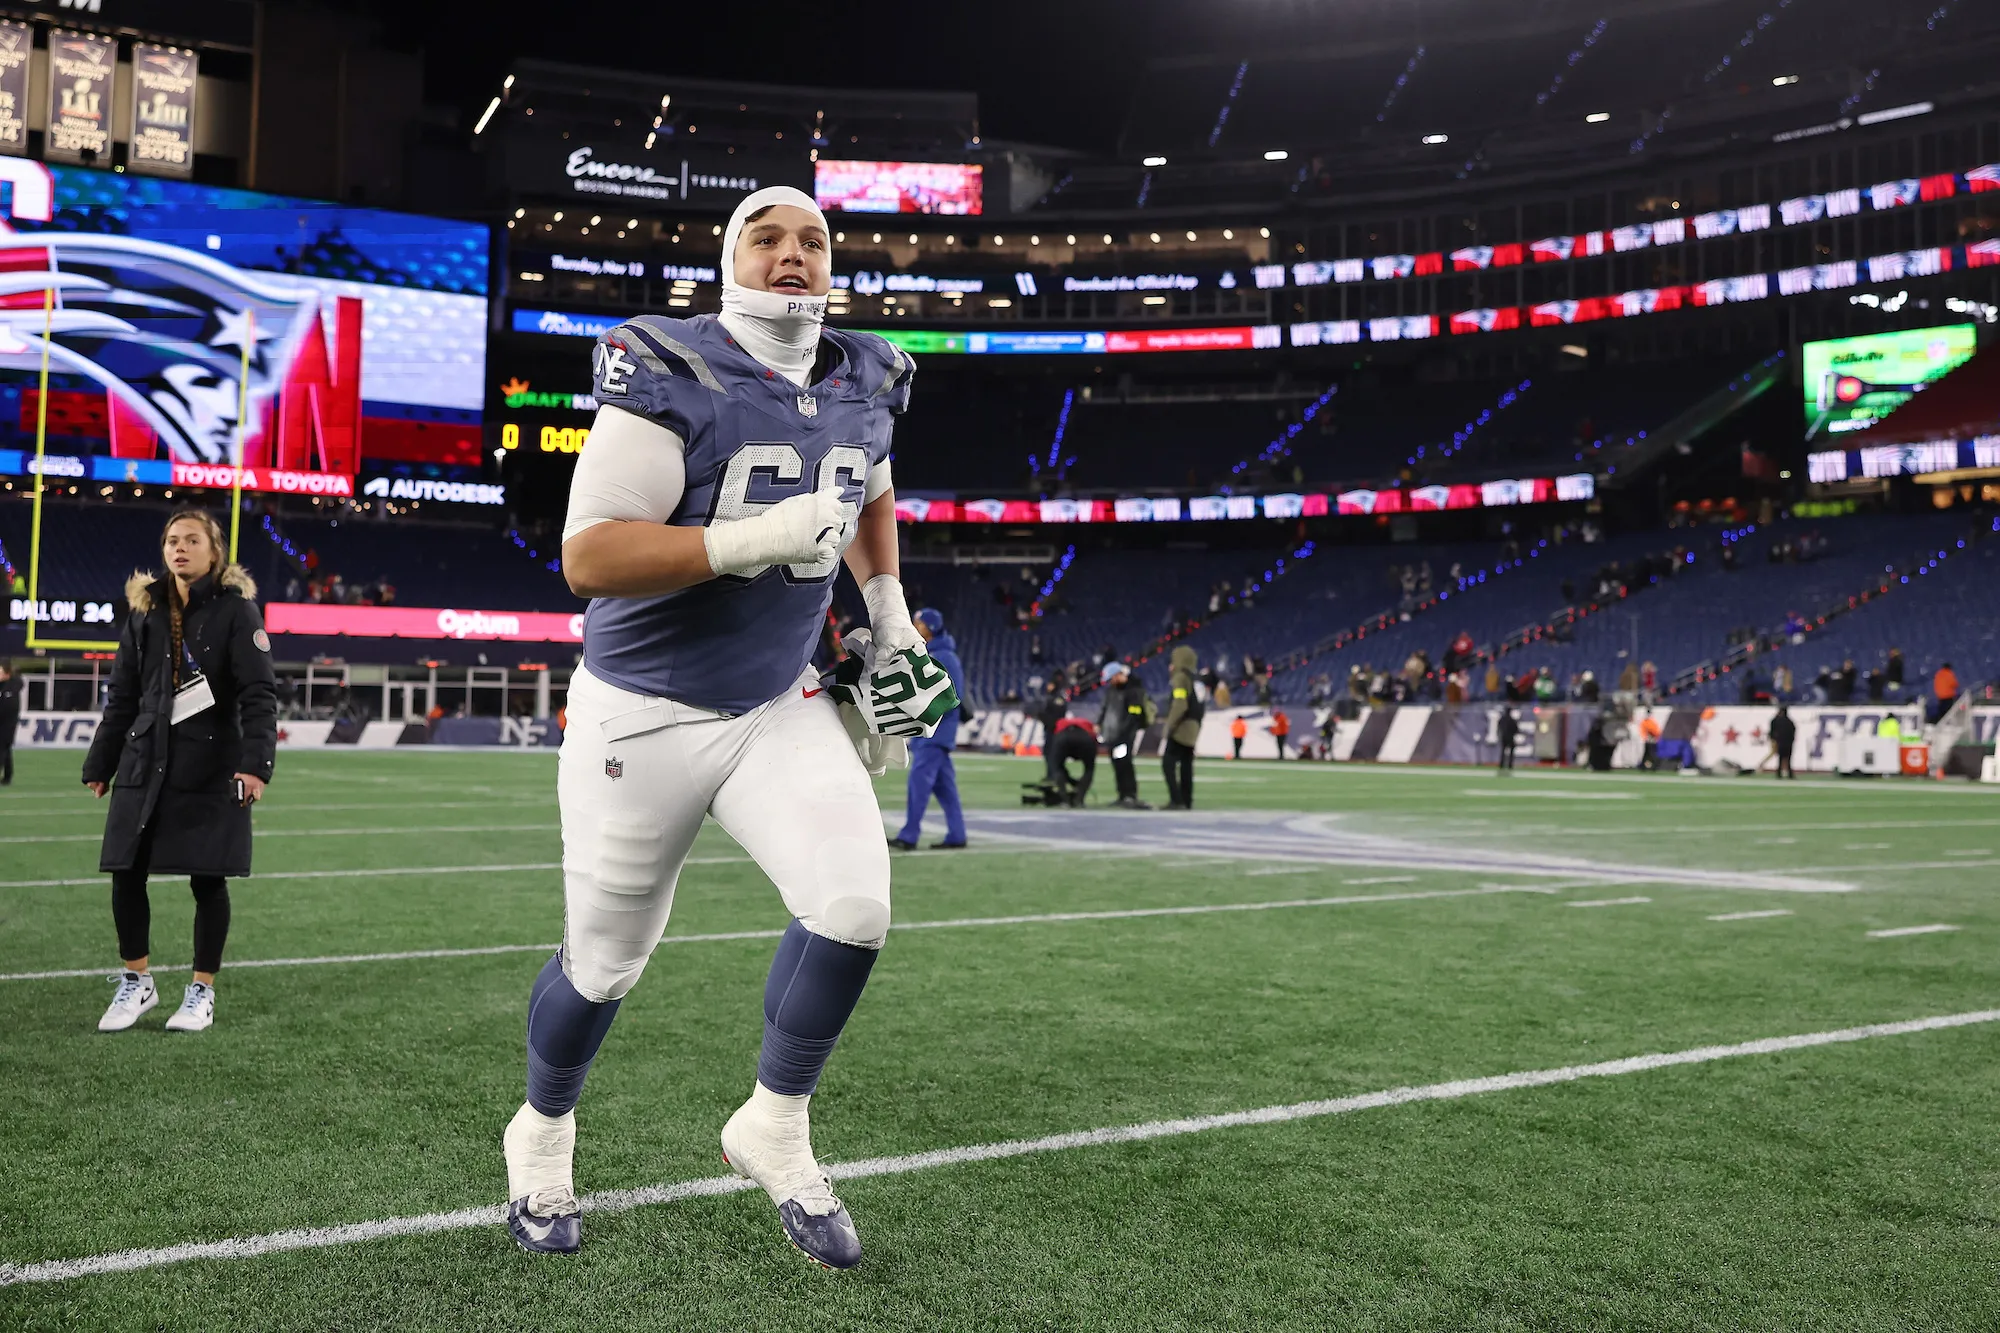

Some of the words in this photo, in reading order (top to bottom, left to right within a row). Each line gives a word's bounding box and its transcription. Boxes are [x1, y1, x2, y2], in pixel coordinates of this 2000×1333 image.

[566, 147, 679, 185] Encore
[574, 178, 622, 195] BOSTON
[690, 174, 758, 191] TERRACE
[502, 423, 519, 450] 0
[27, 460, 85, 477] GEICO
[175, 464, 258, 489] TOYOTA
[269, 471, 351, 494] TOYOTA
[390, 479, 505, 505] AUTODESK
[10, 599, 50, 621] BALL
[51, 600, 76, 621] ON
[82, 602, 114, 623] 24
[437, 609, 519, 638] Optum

- - -

YOUR TASK.
Give all the lines above again, character for character, without pictures.

OUTPUT BELOW.
Some of the words in this photo, in reading order (top to bottom, left to right within a row). Each line gives a word's bounding box and its transcription. Boxes are [x1, y1, x2, y2], in pixel coordinates of this 2000×1333 image.

[566, 147, 679, 185] Encore
[574, 178, 622, 195] BOSTON
[690, 174, 758, 191] TERRACE
[502, 423, 519, 450] 0
[27, 460, 85, 477] GEICO
[175, 464, 258, 489] TOYOTA
[269, 471, 351, 494] TOYOTA
[390, 479, 505, 505] AUTODESK
[10, 599, 50, 621] BALL
[51, 600, 76, 621] ON
[82, 602, 114, 623] 24
[437, 609, 519, 638] Optum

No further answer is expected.